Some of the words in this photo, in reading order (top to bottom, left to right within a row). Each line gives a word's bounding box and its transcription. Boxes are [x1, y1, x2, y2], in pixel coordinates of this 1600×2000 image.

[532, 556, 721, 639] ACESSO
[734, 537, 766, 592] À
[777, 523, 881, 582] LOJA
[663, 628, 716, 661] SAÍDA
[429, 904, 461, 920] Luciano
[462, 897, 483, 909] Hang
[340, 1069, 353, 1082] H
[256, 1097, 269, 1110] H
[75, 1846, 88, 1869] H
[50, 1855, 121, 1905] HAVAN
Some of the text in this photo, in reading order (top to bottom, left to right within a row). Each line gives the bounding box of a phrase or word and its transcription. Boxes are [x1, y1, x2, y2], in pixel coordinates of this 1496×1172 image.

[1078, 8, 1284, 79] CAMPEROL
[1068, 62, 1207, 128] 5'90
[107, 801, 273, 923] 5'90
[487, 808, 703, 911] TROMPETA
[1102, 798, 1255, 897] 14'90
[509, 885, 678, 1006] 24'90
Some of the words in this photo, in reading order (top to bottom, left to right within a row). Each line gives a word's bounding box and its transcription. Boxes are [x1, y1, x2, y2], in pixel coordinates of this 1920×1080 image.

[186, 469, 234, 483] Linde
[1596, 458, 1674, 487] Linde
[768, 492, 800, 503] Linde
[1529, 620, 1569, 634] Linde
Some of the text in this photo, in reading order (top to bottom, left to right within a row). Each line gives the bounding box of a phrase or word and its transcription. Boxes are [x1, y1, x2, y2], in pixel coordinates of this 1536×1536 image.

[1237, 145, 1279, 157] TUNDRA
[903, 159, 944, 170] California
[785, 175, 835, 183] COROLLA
-------
§ Directions for this task: Above are the records; reproduce all of them exactly.

§ Task output:
Some of the words in this photo, in reading order (top to bottom, left to right within a row). Each line gives a word's bounding box and its transcription. Boxes are [x1, y1, x2, y2], in pixel coordinates of this 1600×2000 image.

[532, 556, 721, 639] ACESSO
[734, 537, 766, 592] À
[777, 523, 881, 582] LOJA
[663, 628, 716, 661] SAÍDA
[429, 904, 461, 920] Luciano
[462, 897, 483, 909] Hang
[340, 1069, 353, 1082] H
[256, 1097, 269, 1110] H
[75, 1846, 88, 1869] H
[50, 1855, 121, 1905] HAVAN
Some of the text in this photo, in reading order (top to bottom, left to right within a row). Each line gives the bounding box of a phrase or word and its transcription. Boxes are [x1, y1, x2, y2], in pixel coordinates of this 1496×1172 image.

[1078, 8, 1284, 79] CAMPEROL
[1068, 62, 1207, 128] 5'90
[107, 801, 273, 923] 5'90
[487, 808, 703, 911] TROMPETA
[1102, 798, 1255, 897] 14'90
[509, 885, 678, 1006] 24'90
Some of the words in this photo, in reading order (top to bottom, left to right within a row). Each line gives a word's bounding box and its transcription. Boxes are [x1, y1, x2, y2], in pixel coordinates of this 1920×1080 image.

[186, 469, 234, 483] Linde
[1596, 458, 1674, 487] Linde
[768, 492, 800, 503] Linde
[1529, 620, 1569, 634] Linde
Some of the text in this photo, in reading order (top to bottom, left to right within a row). Each line gives the bounding box of a phrase or word and its transcription. Boxes are [x1, y1, x2, y2], in pixel coordinates of this 1536×1536 image.

[1237, 145, 1279, 157] TUNDRA
[903, 159, 944, 170] California
[785, 175, 835, 183] COROLLA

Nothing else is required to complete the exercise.